======== LISTED RECORDS

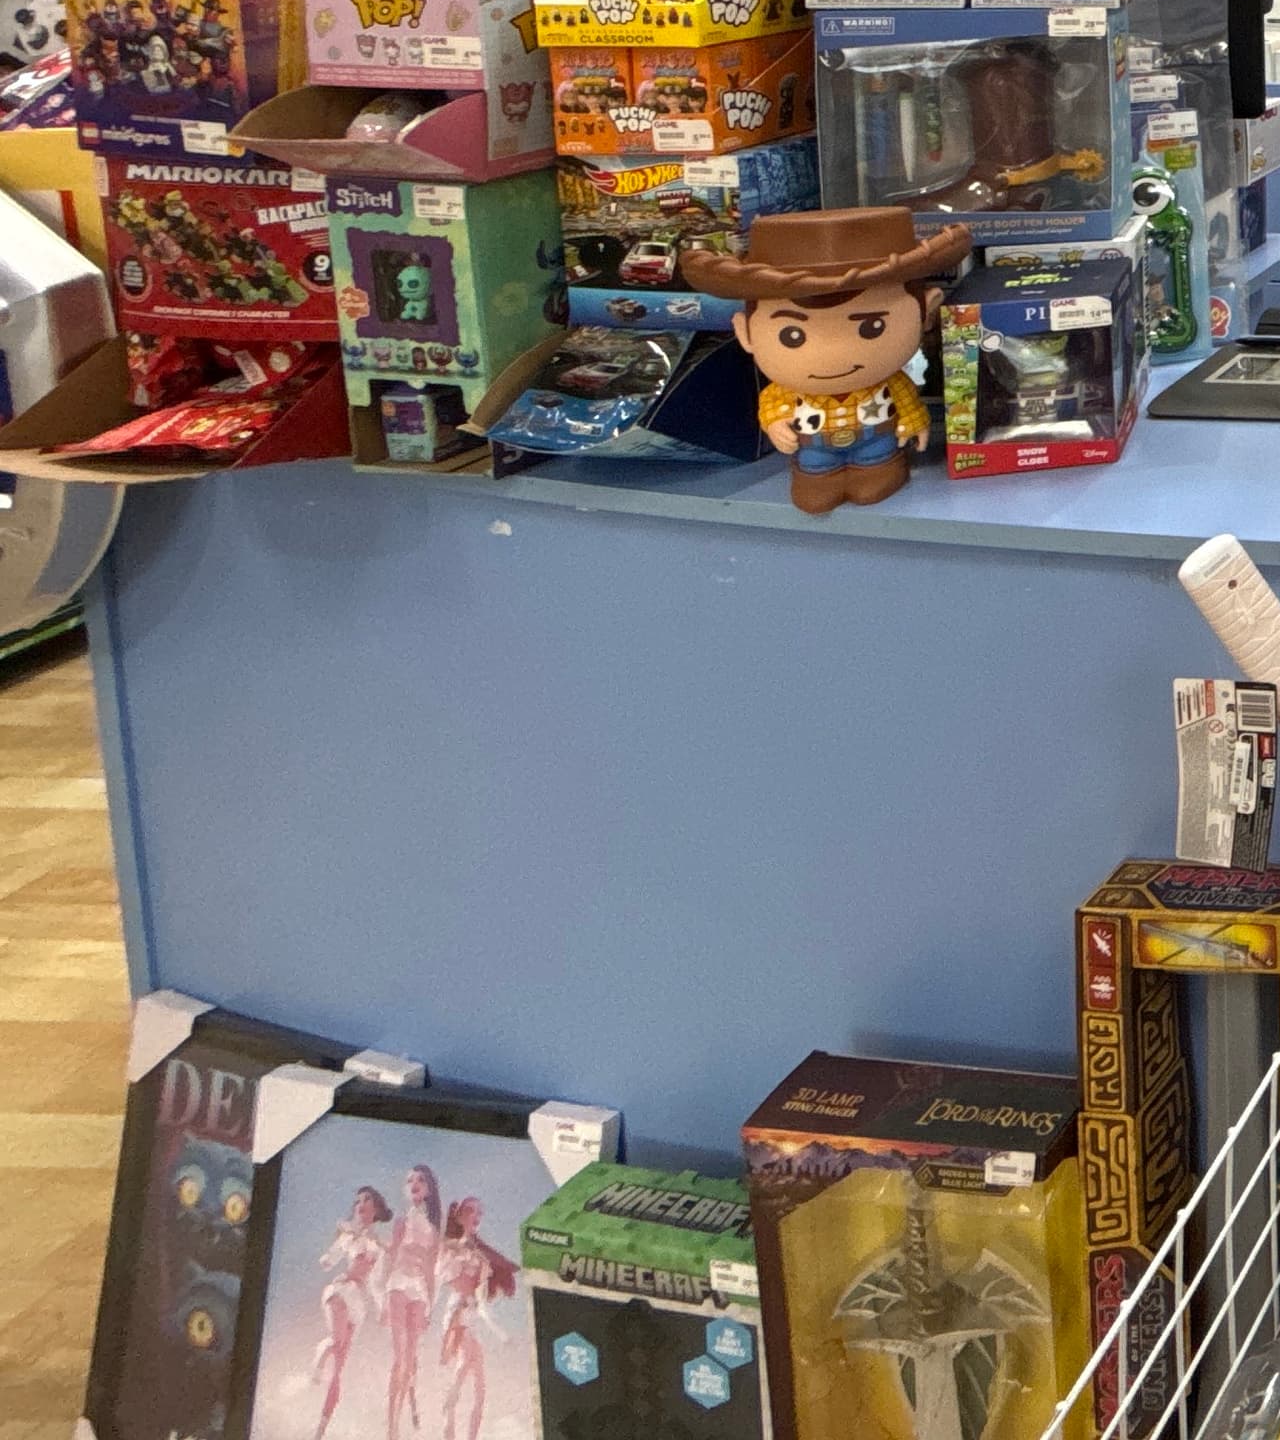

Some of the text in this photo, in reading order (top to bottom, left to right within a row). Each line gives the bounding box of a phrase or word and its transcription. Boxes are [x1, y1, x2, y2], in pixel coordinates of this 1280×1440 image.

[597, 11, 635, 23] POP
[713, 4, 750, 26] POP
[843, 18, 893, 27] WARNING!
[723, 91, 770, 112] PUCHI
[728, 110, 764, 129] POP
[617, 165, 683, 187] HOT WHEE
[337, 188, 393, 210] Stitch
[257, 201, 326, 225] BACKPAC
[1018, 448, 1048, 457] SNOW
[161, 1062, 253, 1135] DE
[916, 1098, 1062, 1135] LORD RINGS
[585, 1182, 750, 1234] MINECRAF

================

* [WORK ORDER]: Pictures are to be left out; the records above must be repeated word for word.

* [RESULT]:
Some of the text in this photo, in reading order (top to bottom, left to right within a row). Each line gives the bounding box of a phrase or word and its transcription. Boxes are [x1, y1, x2, y2], in pixel coordinates of this 1280×1440 image.

[597, 11, 635, 23] POP
[713, 4, 750, 26] POP
[843, 18, 893, 27] WARNING!
[723, 91, 770, 112] PUCHI
[728, 110, 764, 129] POP
[617, 165, 683, 187] HOT WHEE
[337, 188, 393, 210] Stitch
[257, 201, 326, 225] BACKPAC
[1018, 448, 1048, 457] SNOW
[161, 1062, 253, 1135] DE
[916, 1098, 1062, 1135] LORD RINGS
[585, 1182, 750, 1234] MINECRAF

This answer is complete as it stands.